Assignment:
Would you quote every entry exactly, dropping only the pictures?

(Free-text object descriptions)

········

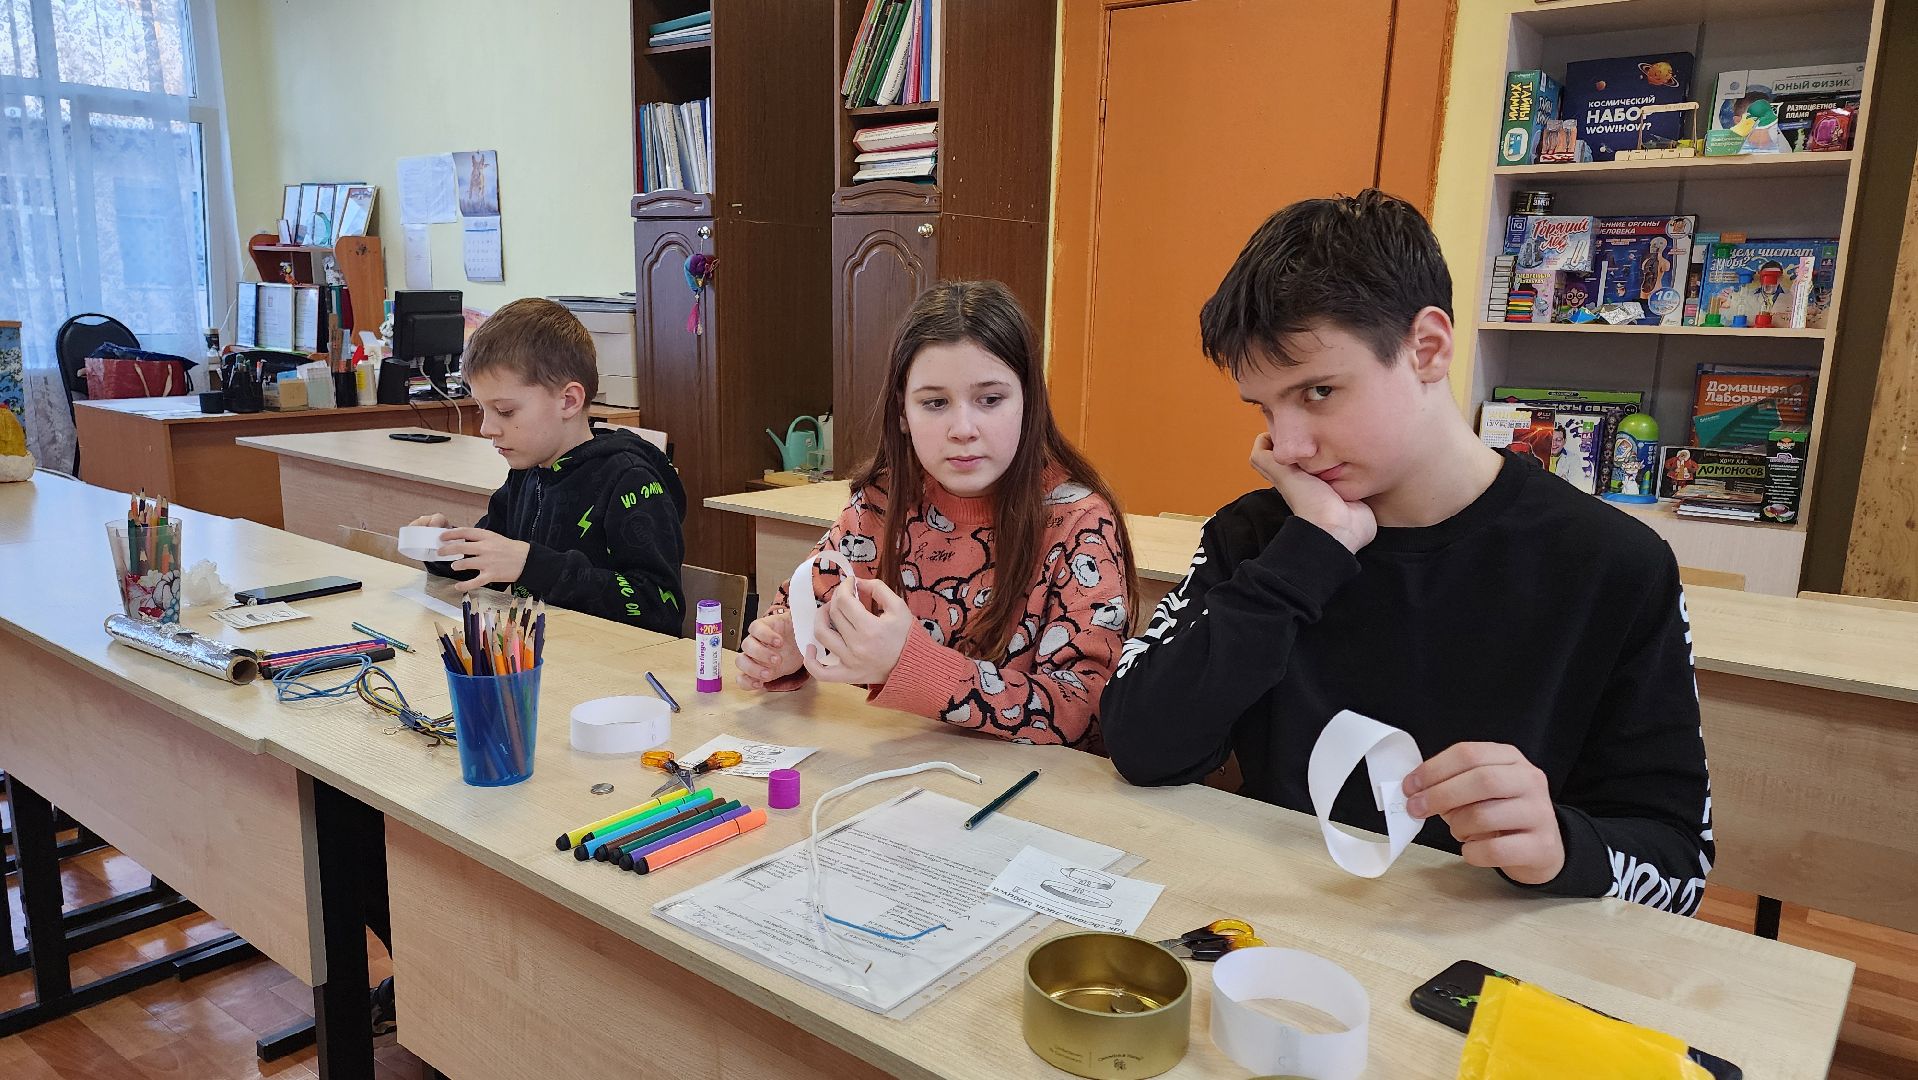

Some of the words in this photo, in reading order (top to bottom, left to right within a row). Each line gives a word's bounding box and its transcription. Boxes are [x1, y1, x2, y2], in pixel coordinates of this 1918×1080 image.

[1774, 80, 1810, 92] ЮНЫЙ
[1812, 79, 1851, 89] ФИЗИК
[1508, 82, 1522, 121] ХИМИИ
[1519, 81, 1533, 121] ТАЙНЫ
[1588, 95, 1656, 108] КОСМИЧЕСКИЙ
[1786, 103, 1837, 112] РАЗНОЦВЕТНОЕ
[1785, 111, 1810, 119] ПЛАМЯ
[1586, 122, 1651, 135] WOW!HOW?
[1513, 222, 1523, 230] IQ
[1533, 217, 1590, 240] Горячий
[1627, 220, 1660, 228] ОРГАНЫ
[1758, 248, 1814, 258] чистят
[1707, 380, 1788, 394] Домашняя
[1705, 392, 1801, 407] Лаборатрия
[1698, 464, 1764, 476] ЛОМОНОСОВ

········

Written response:
Some of the words in this photo, in reading order (top to bottom, left to right within a row). Each line gives a word's bounding box and its transcription. Boxes are [x1, y1, x2, y2], in pixel coordinates of this 1918×1080 image.

[1774, 80, 1810, 92] ЮНЫЙ
[1812, 79, 1851, 89] ФИЗИК
[1508, 82, 1522, 121] ХИМИИ
[1519, 81, 1533, 121] ТАЙНЫ
[1588, 95, 1656, 108] КОСМИЧЕСКИЙ
[1786, 103, 1837, 112] РАЗНОЦВЕТНОЕ
[1785, 111, 1810, 119] ПЛАМЯ
[1586, 122, 1651, 135] WOW!HOW?
[1513, 222, 1523, 230] IQ
[1533, 217, 1590, 240] Горячий
[1627, 220, 1660, 228] ОРГАНЫ
[1758, 248, 1814, 258] чистят
[1707, 380, 1788, 394] Домашняя
[1705, 392, 1801, 407] Лаборатрия
[1698, 464, 1764, 476] ЛОМОНОСОВ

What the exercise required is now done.